● What to produce: Your task is to transcribe all of the records exactly and leave out the pictures.

● Exercise input:
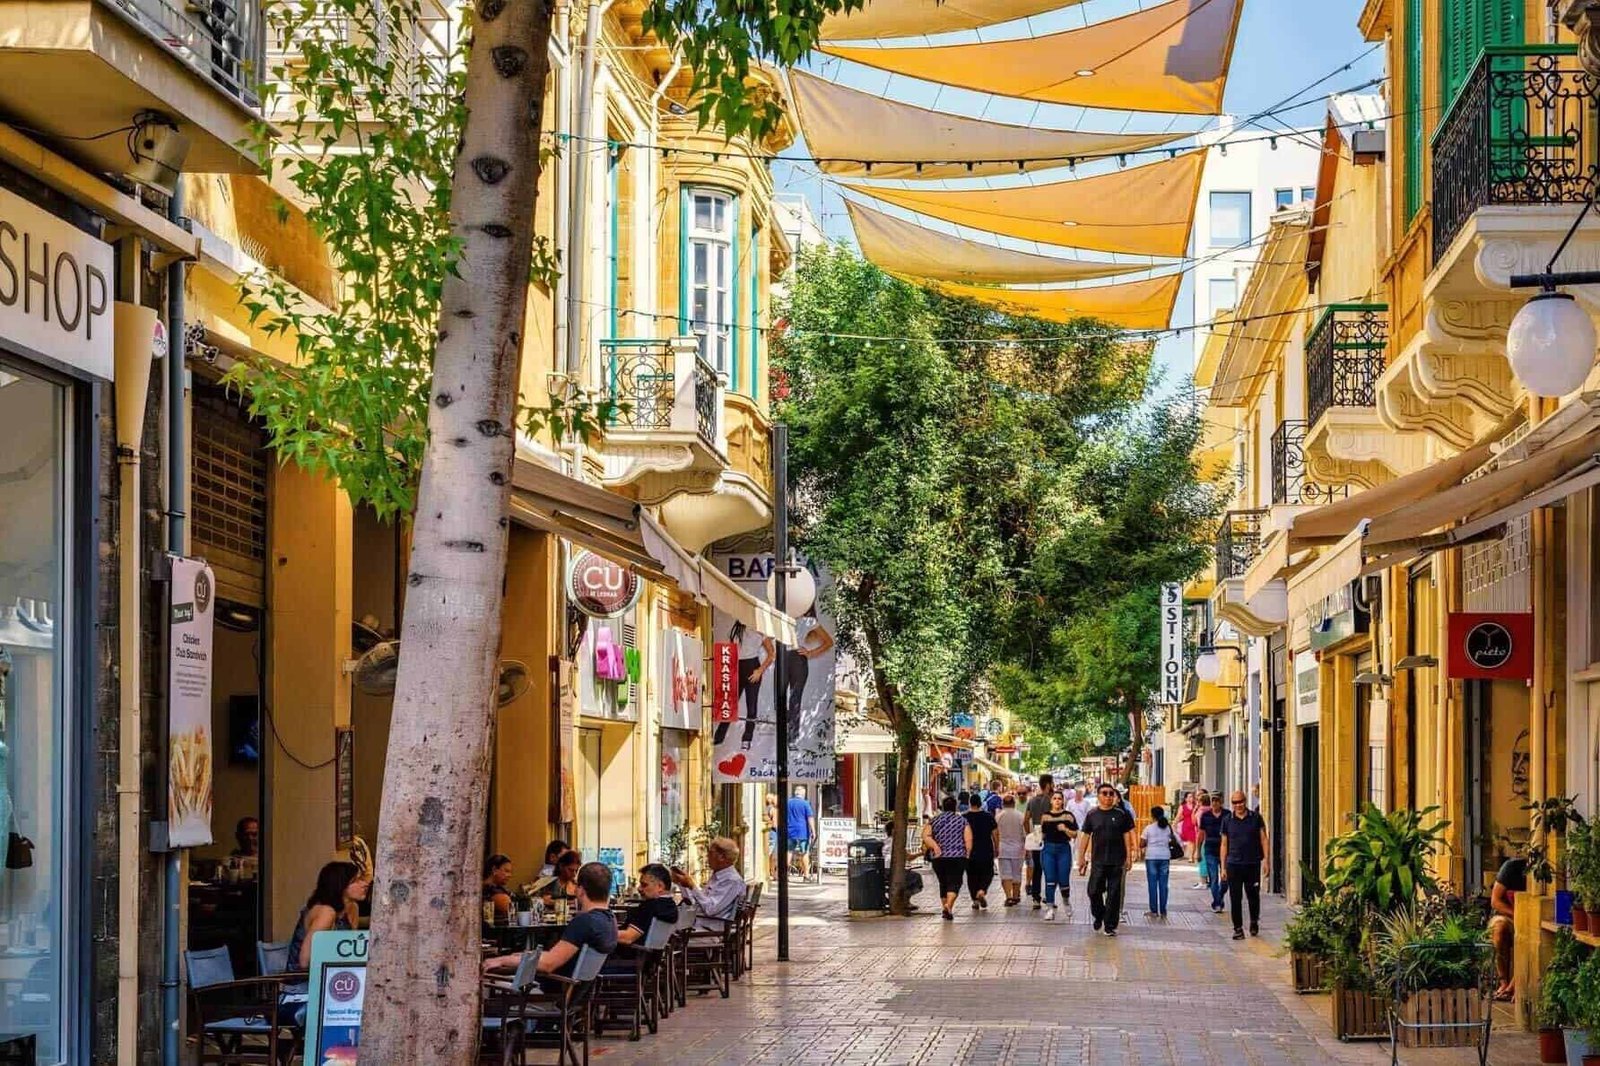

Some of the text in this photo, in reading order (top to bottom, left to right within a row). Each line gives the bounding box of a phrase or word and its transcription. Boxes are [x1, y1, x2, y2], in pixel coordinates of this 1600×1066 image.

[0, 220, 107, 340] SHOP
[721, 646, 731, 719] KRASHIAS
[749, 766, 776, 778] Back
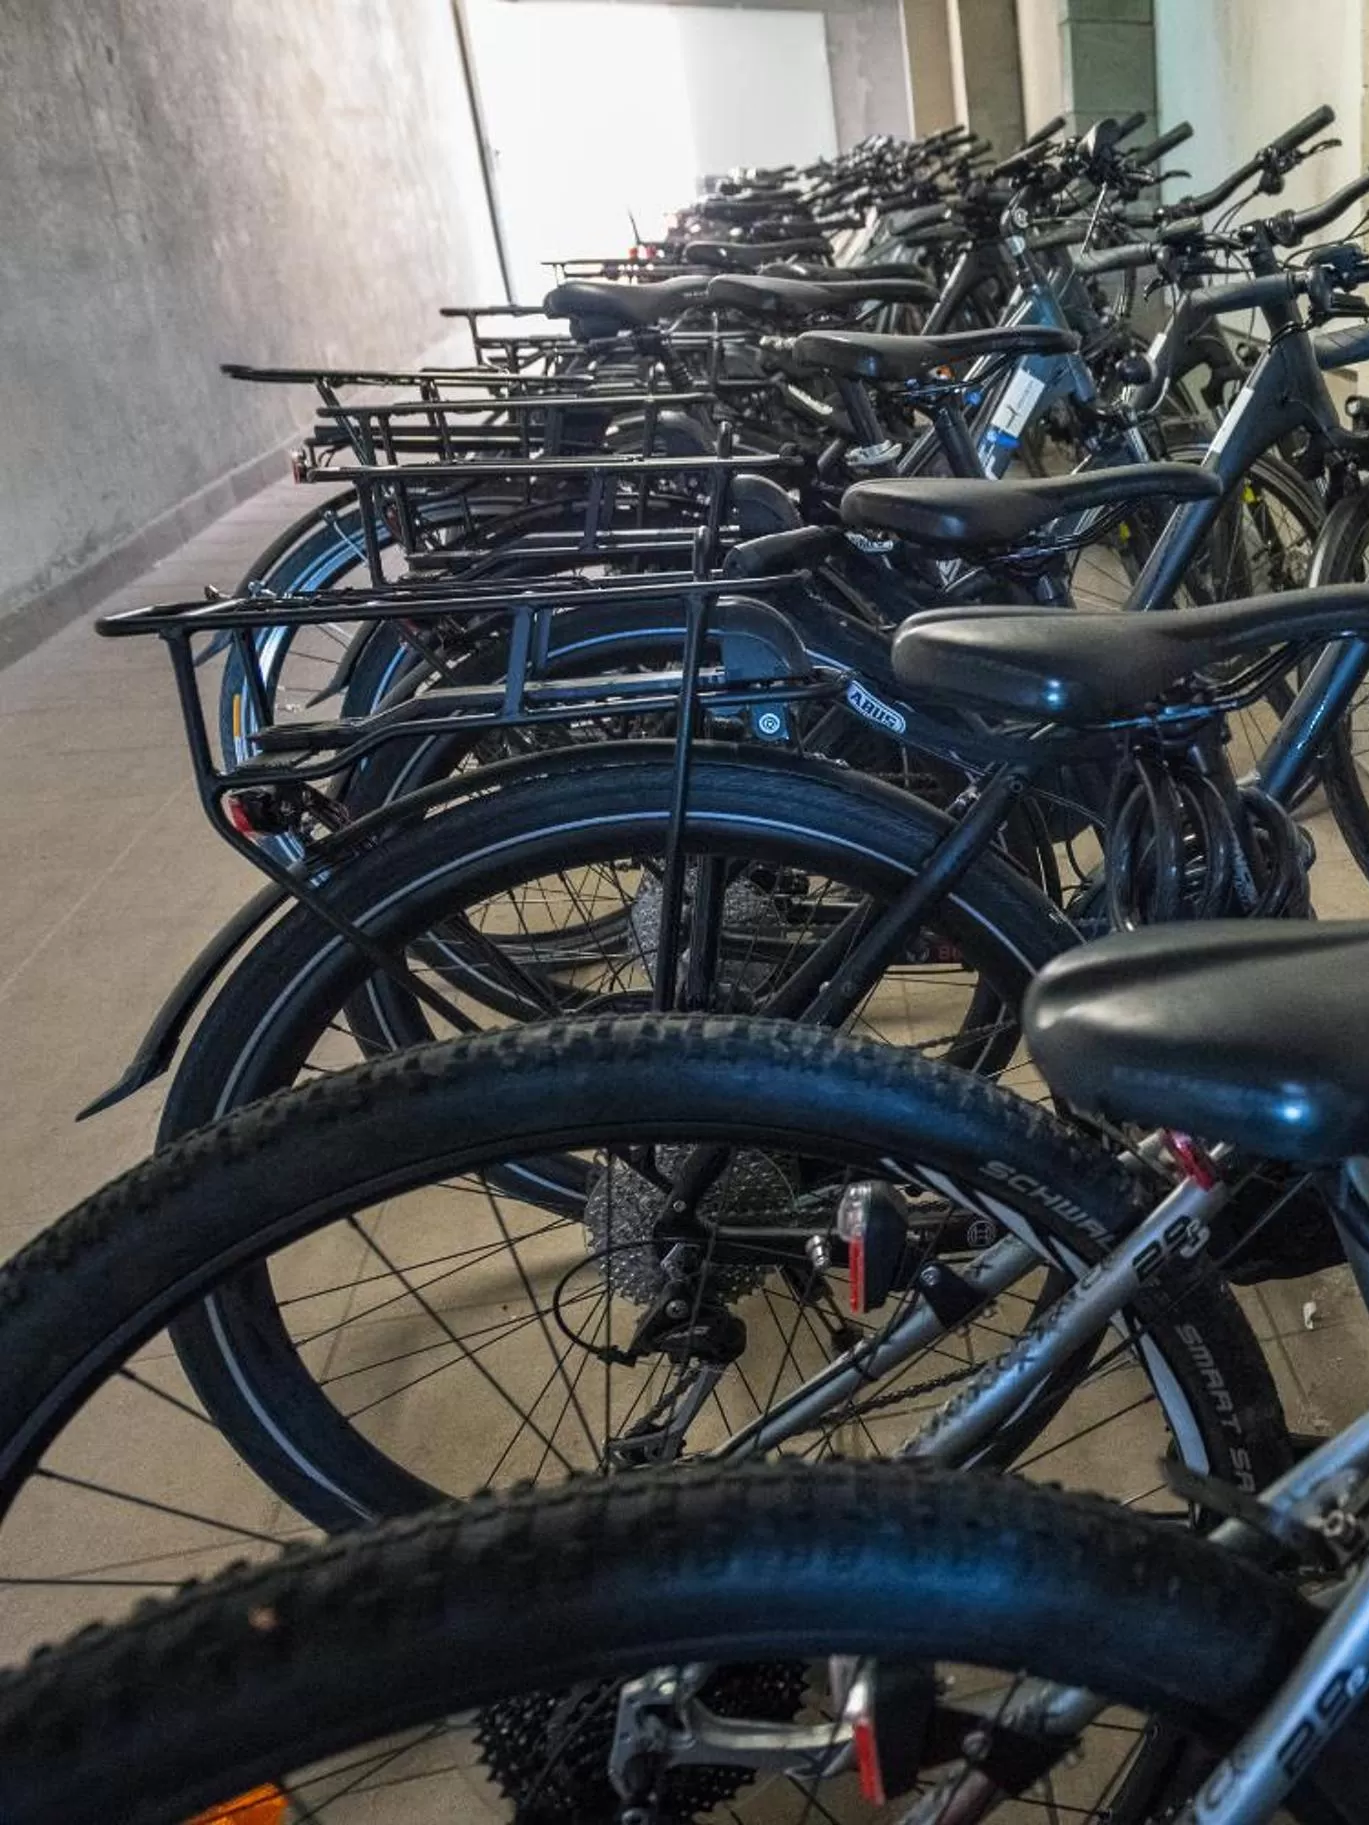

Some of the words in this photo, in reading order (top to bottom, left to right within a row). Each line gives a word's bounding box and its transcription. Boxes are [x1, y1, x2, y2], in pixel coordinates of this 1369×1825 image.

● Task output:
Some of the text in this photo, in reading order (top to bottom, left to right within a row). Each line gives the bounding box of a phrase or word and its transcription. Boxes are [x1, y1, x2, y2], in pixel coordinates of this 1600×1066 image.

[0, 220, 107, 340] SHOP
[721, 646, 731, 719] KRASHIAS
[749, 766, 776, 778] Back

Some of the words in this photo, in reading order (top to bottom, left to right within a row). Each line gives a word's bounding box and its transcription. Boxes are [x1, y1, x2, y2], in pixel coordinates of this 1369×1825 image.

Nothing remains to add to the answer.